◆ Work instructions:
Give back the listing in full and exactly, leaving out the images.

◆ Data to examine:
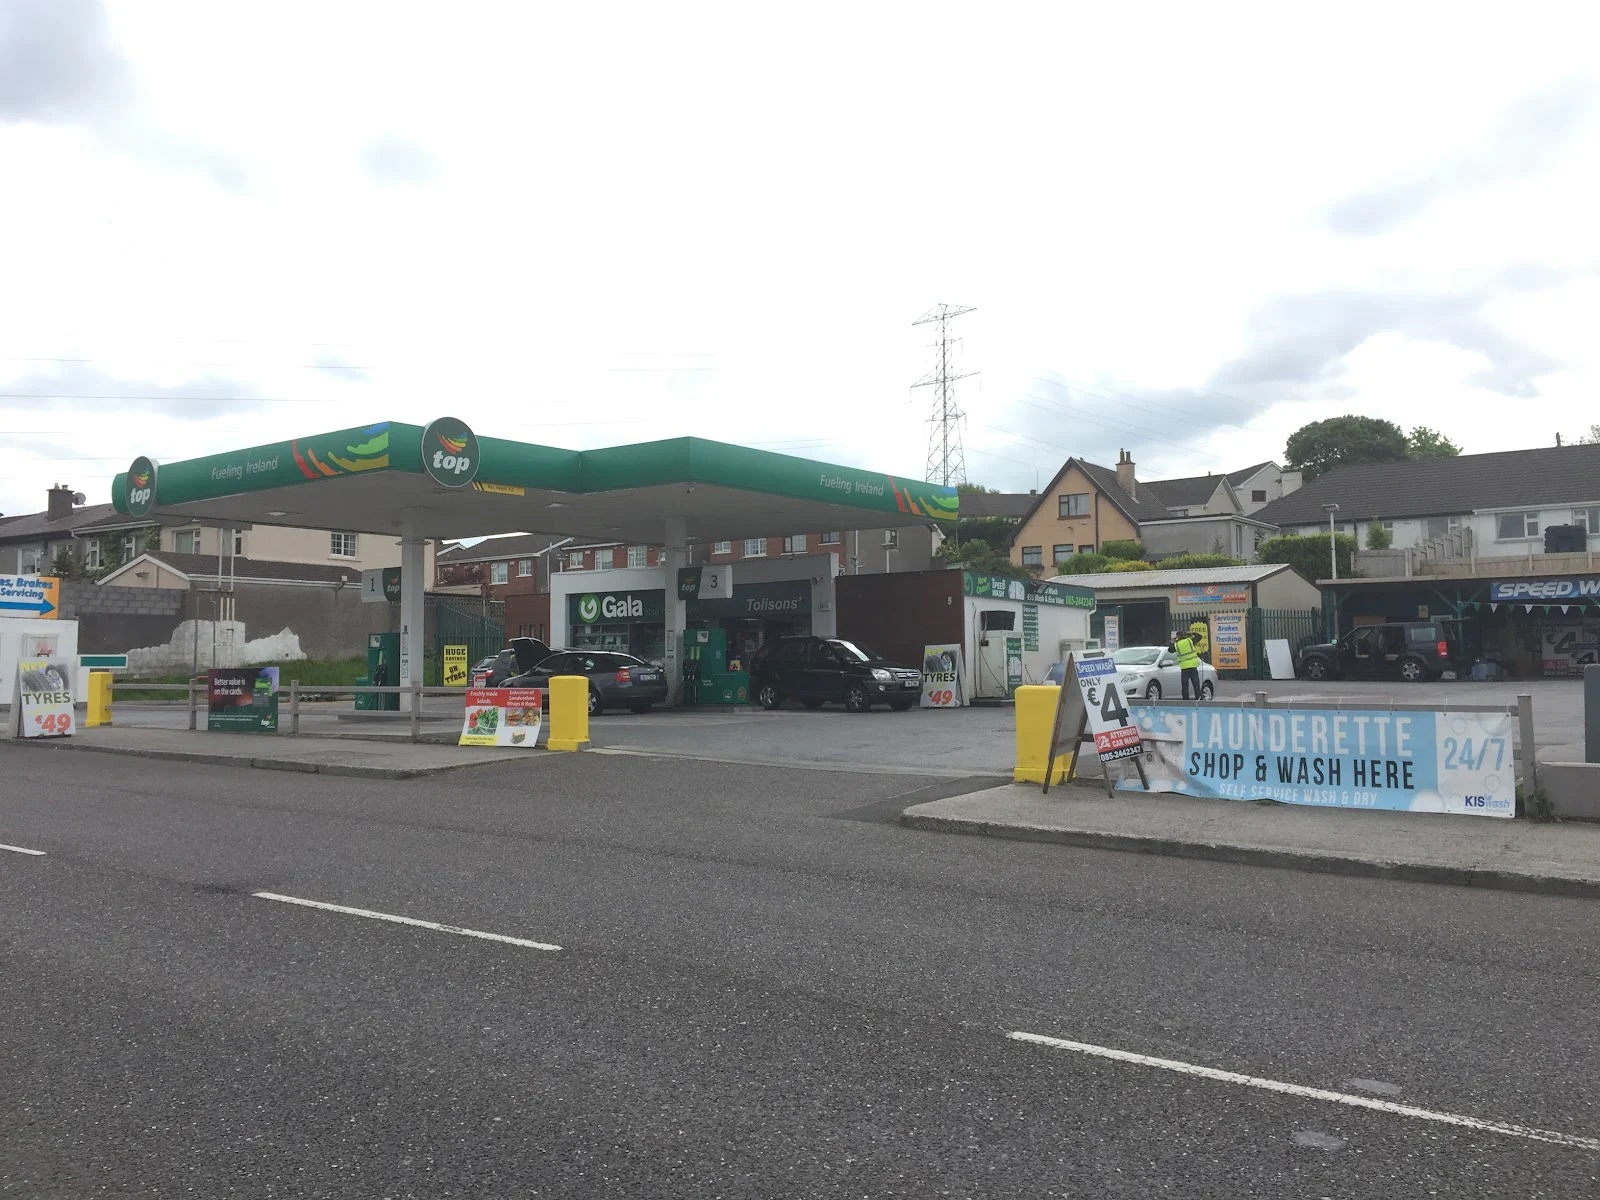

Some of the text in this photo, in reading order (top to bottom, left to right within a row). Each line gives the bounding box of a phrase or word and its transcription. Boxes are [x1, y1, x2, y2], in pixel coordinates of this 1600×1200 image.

[211, 456, 279, 480] Fueling Ireland
[432, 450, 470, 475] top
[820, 474, 884, 497] Fueling Ireland
[130, 487, 151, 505] top
[16, 577, 53, 589] Brakes
[370, 577, 376, 592] 1
[387, 583, 400, 593] top
[681, 583, 695, 592] top
[710, 574, 718, 589] 3
[992, 581, 1006, 590] SPEED
[0, 588, 44, 600] Servicing
[992, 589, 1005, 598] WASH
[1206, 586, 1214, 595] &
[1498, 580, 1600, 598] SPEED W
[602, 595, 643, 619] Gala
[445, 648, 466, 656] HUGE
[449, 665, 459, 673] ON
[1076, 660, 1114, 674] SPEED WASH
[214, 678, 246, 686] Better value is
[445, 671, 467, 683] TYRES
[923, 672, 956, 683] TYRES
[1080, 677, 1101, 688] ONLY
[22, 691, 71, 705] TYRES
[221, 688, 229, 696] the
[470, 690, 485, 698] Freshly
[928, 689, 953, 705] €49
[35, 713, 71, 734] €49
[1110, 728, 1137, 739] ATTENDED
[1191, 712, 1413, 757] LAUNDERETTE
[1112, 736, 1140, 748] CAR WASH
[1100, 745, 1141, 762] 085-2442347
[1444, 737, 1506, 771] 24/7
[1189, 752, 1415, 790] SHOP & WASH HERE
[1219, 783, 1378, 806] SELF SERVICE WASH & DRY
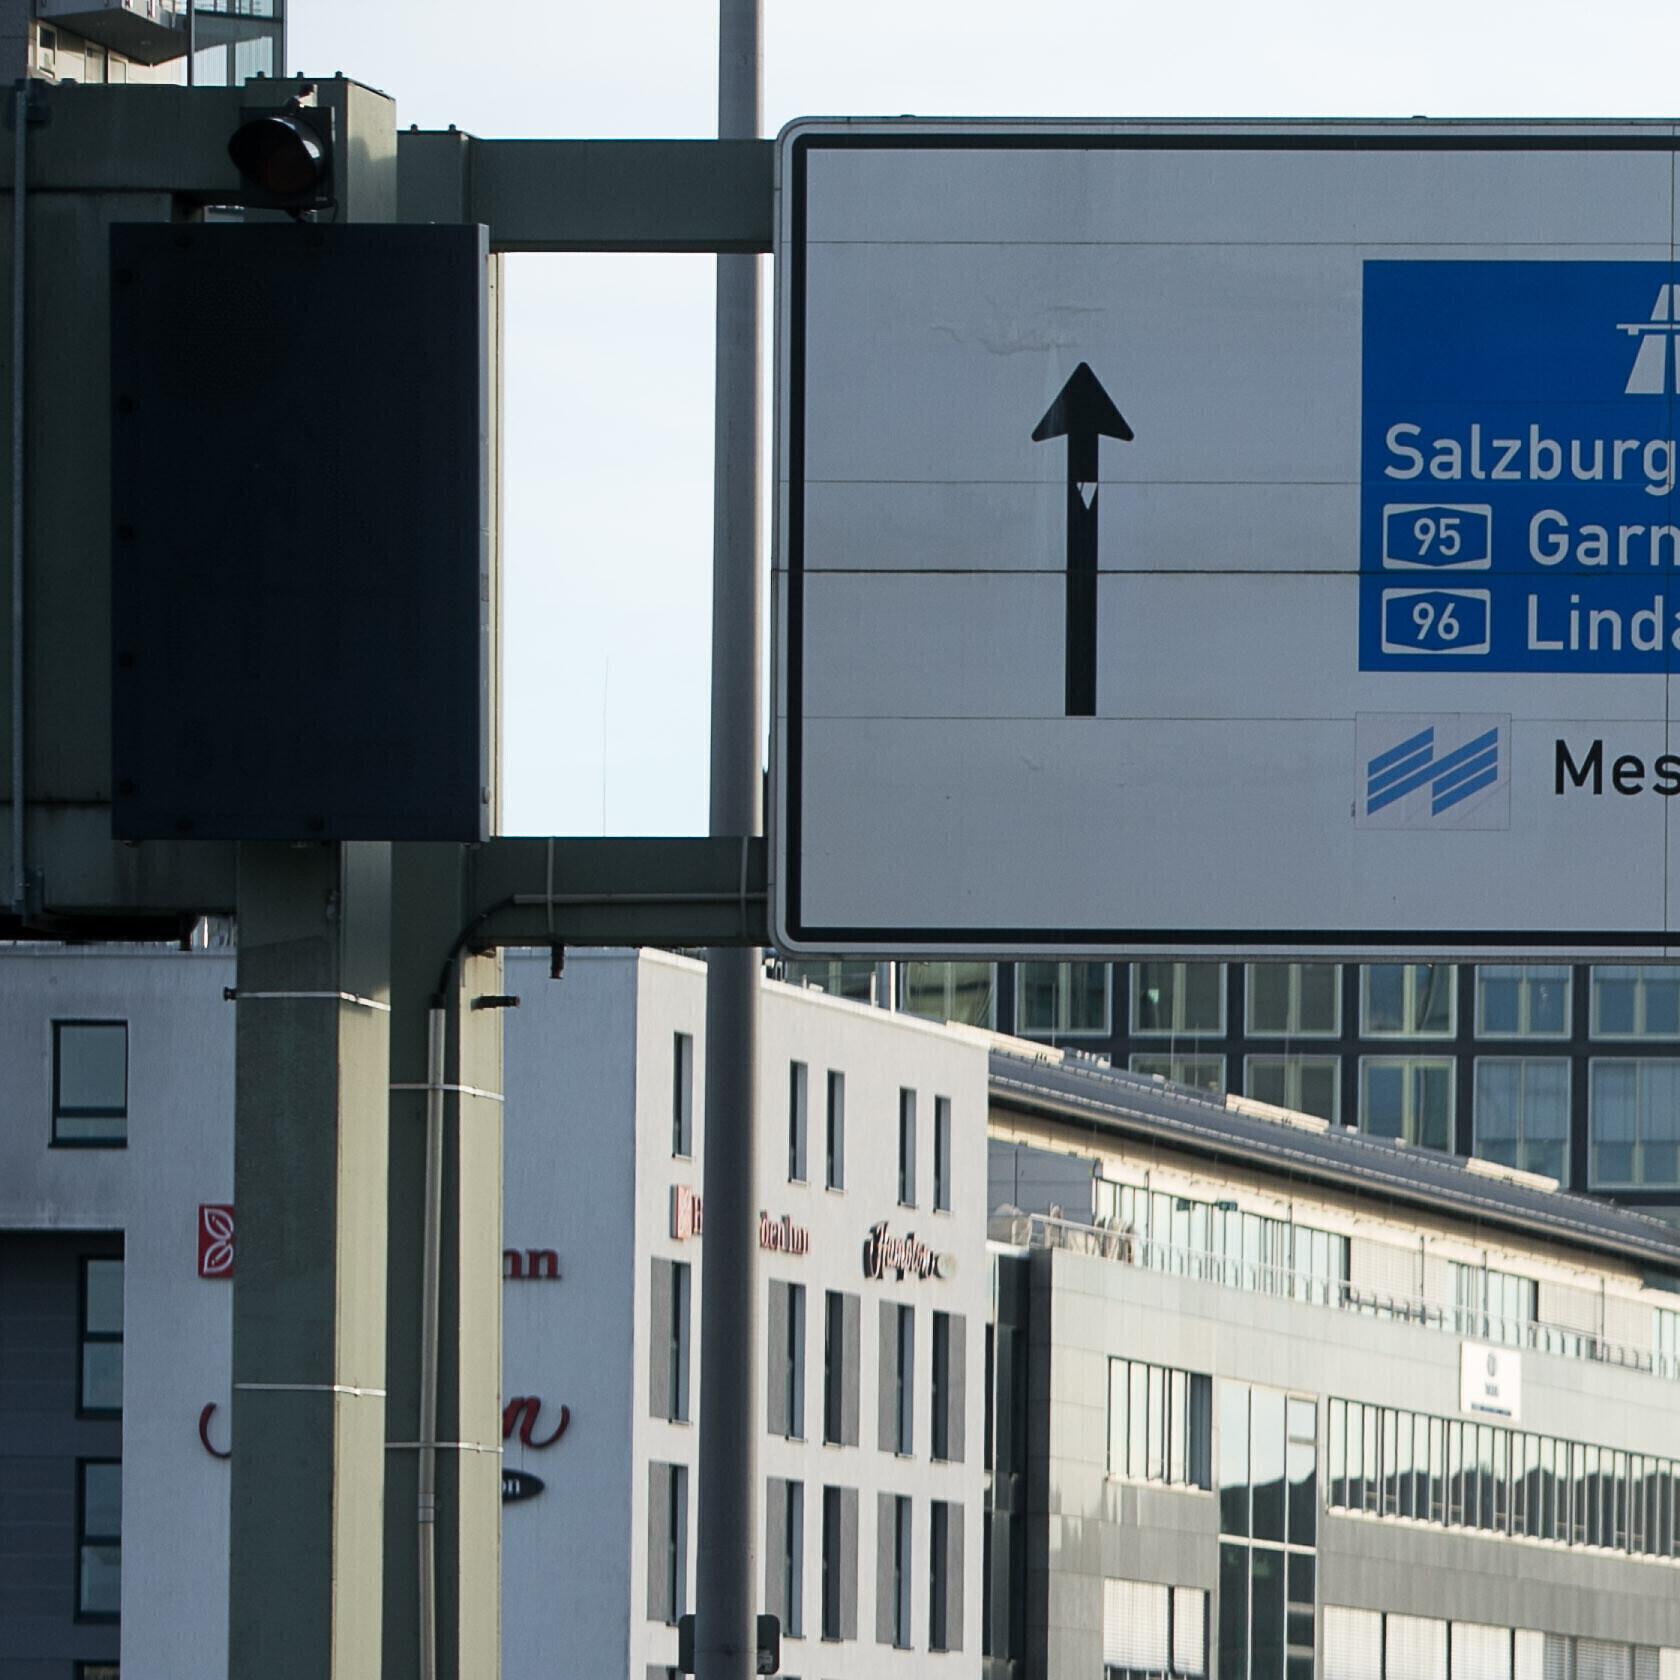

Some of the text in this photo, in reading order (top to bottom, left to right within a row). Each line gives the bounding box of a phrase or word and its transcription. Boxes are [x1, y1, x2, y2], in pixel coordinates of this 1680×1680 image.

[1413, 518, 1462, 556] 95
[1412, 603, 1460, 640] 96
[503, 1248, 562, 1280] nn

◆ Exercise solution:
Some of the text in this photo, in reading order (top to bottom, left to right within a row). Each line gives the bounding box of a phrase or word and its transcription. Boxes are [x1, y1, x2, y2], in pixel coordinates of this 1600×1200 image.

[211, 456, 279, 480] Fueling Ireland
[432, 450, 470, 475] top
[820, 474, 884, 497] Fueling Ireland
[130, 487, 151, 505] top
[16, 577, 53, 589] Brakes
[370, 577, 376, 592] 1
[387, 583, 400, 593] top
[681, 583, 695, 592] top
[710, 574, 718, 589] 3
[992, 581, 1006, 590] SPEED
[0, 588, 44, 600] Servicing
[992, 589, 1005, 598] WASH
[1206, 586, 1214, 595] &
[1498, 580, 1600, 598] SPEED W
[602, 595, 643, 619] Gala
[445, 648, 466, 656] HUGE
[449, 665, 459, 673] ON
[1076, 660, 1114, 674] SPEED WASH
[214, 678, 246, 686] Better value is
[445, 671, 467, 683] TYRES
[923, 672, 956, 683] TYRES
[1080, 677, 1101, 688] ONLY
[22, 691, 71, 705] TYRES
[221, 688, 229, 696] the
[470, 690, 485, 698] Freshly
[928, 689, 953, 705] €49
[35, 713, 71, 734] €49
[1110, 728, 1137, 739] ATTENDED
[1191, 712, 1413, 757] LAUNDERETTE
[1112, 736, 1140, 748] CAR WASH
[1100, 745, 1141, 762] 085-2442347
[1444, 737, 1506, 771] 24/7
[1189, 752, 1415, 790] SHOP & WASH HERE
[1219, 783, 1378, 806] SELF SERVICE WASH & DRY

Some of the text in this photo, in reading order (top to bottom, left to right within a row). Each line gives the bounding box of a phrase or word and its transcription. Boxes are [x1, y1, x2, y2], in pixel coordinates of this 1680×1680 image.

[1413, 518, 1462, 556] 95
[1412, 603, 1460, 640] 96
[503, 1248, 562, 1280] nn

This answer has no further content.